# Dataset extract

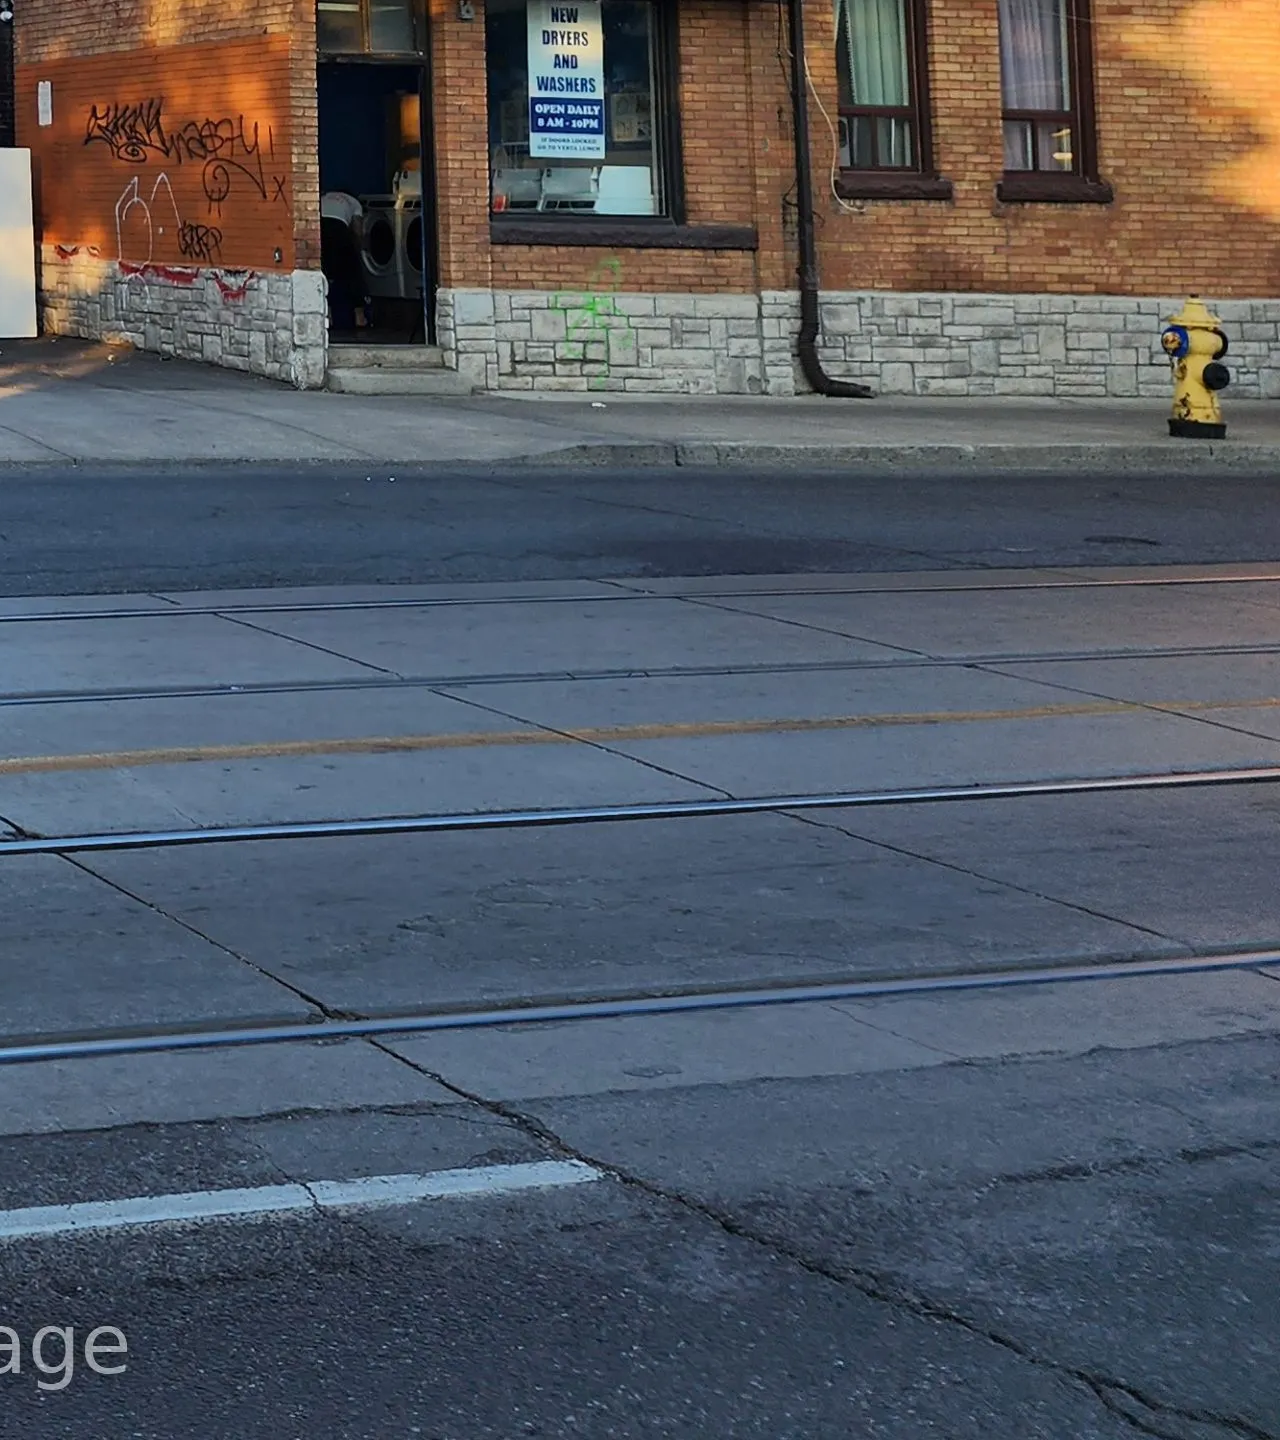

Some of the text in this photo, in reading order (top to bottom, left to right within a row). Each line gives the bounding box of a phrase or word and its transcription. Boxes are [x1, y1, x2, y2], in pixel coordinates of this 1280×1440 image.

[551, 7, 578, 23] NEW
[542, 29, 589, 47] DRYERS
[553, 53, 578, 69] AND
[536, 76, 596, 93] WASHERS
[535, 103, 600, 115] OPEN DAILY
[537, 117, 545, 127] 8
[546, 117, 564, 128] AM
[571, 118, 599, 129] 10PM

# To do
Please return the full listing exactly as given, with the images left out.

# Solution for this task
Some of the text in this photo, in reading order (top to bottom, left to right within a row). Each line gives the bounding box of a phrase or word and its transcription. Boxes are [x1, y1, x2, y2], in pixel coordinates of this 1280×1440 image.

[551, 7, 578, 23] NEW
[542, 29, 589, 47] DRYERS
[553, 53, 578, 69] AND
[536, 76, 596, 93] WASHERS
[535, 103, 600, 115] OPEN DAILY
[537, 117, 545, 127] 8
[546, 117, 564, 128] AM
[571, 118, 599, 129] 10PM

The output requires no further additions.